You join me as I mark day 3,000 of driving myself up the wall.
I walk from room to room, surprised to find they are exactly the same as I left them. I try to engage the dog in conversation, she turns her back on me. I have bored even her to tears, a dog who never leaves my side unless someone else has pizza. That’s how bad things have got over here at Sarah’s House of Humdrum Monotony.
Oh wait! It’s the postwoman – I have to tell her the hilarious story I just remembered! Oh, she dropped the package and ran away. Bye friend…
Anyway, back to the task at hand, talking about all my 2D friends and the adventures we go on together.

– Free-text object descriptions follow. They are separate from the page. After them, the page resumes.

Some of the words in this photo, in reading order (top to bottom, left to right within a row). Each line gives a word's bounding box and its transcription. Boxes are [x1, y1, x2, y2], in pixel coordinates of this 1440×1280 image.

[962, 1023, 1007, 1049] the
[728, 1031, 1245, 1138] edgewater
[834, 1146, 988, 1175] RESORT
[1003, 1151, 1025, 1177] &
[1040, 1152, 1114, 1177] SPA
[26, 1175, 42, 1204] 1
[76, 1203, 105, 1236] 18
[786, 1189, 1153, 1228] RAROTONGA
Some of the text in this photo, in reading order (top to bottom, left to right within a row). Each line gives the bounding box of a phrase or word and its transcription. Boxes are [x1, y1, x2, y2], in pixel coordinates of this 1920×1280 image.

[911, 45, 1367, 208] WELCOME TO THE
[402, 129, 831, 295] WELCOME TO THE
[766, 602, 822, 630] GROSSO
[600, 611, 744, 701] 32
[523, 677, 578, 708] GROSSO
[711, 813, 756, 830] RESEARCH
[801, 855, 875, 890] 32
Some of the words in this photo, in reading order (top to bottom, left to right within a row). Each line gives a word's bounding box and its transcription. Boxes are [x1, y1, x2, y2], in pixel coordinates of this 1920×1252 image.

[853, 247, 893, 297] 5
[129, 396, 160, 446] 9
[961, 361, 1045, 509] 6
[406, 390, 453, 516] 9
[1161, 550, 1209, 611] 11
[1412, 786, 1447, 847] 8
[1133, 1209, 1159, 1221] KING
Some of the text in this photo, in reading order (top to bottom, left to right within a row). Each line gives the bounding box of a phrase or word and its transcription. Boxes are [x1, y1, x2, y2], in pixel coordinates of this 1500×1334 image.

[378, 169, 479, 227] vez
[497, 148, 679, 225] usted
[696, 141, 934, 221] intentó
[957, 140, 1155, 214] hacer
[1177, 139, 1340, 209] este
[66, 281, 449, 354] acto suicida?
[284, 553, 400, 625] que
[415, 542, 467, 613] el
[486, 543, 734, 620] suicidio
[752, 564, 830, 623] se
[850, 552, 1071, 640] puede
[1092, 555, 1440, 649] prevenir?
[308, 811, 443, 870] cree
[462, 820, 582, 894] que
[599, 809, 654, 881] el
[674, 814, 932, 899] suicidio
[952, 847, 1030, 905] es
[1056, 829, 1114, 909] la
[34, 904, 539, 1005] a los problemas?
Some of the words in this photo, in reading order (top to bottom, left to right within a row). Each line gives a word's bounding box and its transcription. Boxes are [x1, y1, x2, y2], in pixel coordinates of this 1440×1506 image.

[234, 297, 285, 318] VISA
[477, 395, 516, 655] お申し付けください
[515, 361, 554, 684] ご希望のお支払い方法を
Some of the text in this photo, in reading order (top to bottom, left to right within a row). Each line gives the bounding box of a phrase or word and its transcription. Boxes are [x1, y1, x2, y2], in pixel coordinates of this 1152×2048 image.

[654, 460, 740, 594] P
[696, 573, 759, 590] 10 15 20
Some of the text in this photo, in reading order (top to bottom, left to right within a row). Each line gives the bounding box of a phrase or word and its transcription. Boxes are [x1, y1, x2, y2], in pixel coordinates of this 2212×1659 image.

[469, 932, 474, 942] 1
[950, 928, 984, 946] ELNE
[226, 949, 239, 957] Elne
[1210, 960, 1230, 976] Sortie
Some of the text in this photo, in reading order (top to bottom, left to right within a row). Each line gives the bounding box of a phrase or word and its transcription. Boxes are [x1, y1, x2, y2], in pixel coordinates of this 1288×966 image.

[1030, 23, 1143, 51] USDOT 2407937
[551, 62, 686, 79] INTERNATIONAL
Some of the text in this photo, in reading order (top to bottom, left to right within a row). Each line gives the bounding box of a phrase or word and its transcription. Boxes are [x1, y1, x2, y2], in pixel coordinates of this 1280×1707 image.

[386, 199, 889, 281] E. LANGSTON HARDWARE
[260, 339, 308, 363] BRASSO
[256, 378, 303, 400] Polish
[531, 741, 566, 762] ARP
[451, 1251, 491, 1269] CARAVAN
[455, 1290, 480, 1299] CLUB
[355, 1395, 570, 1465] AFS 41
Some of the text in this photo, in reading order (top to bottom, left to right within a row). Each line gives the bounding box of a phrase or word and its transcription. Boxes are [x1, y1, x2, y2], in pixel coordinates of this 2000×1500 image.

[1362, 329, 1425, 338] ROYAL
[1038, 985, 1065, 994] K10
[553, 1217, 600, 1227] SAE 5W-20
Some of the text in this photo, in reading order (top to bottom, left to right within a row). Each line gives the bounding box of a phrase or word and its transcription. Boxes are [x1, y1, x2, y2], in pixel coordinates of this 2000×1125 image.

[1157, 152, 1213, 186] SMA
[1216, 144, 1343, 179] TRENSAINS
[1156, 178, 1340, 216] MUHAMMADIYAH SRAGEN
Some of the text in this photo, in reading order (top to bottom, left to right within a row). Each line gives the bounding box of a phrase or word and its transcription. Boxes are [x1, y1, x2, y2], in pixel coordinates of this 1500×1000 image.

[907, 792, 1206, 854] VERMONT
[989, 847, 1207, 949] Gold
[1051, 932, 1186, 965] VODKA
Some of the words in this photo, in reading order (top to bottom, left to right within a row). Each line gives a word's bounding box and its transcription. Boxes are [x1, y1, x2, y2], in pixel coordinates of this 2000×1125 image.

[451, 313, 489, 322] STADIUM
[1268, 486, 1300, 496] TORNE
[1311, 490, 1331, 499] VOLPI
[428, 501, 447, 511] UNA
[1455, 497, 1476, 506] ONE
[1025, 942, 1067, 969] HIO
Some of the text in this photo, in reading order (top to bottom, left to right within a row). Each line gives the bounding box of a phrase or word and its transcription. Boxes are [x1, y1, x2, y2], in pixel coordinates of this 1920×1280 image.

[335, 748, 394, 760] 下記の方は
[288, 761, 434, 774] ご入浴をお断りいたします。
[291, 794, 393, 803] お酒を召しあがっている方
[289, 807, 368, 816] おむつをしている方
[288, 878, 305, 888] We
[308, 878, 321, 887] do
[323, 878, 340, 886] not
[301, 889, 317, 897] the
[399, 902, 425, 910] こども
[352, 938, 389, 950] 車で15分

We sit in coffee shops, we roam museums, we get manicures and we find a table at the bar (because we can’t walk in heels like we used to) to perve on hot guys who are probably a good 15 years younger than us now. How we laugh at the years passing us by as we toast our fabulousness.
We go on mini breaks, old enough now to know paying extra upfront for easyJet allocated seats is sensible expenditure. We arrive at the hotel and have a quick disco nap before we head out ‘to find our bearings’. Oh, how busy and wonderful we are, my friends and I. Our relationships may only last for 350 pages, but they are deep and meaningful and they’re ALL I’VE GOT, GODDAMMIT.
For real though, are you ok? Holding up? I’m not. None of us are. Don’t feel bad about that. We’re all at our limits. Do whatever you have to do to keep as close to happy and chill as you can. For me, as ever, that means reading – immersing myself in the worlds of others for a time and escaping the four walls of my own.
And so, to springtime in Paris. That much longed for Hollywood promise, the ultimate in glamorous jaunts where wonderful things happen under the Eiffel Tower while you’re wearing a Breton and eating a baguette.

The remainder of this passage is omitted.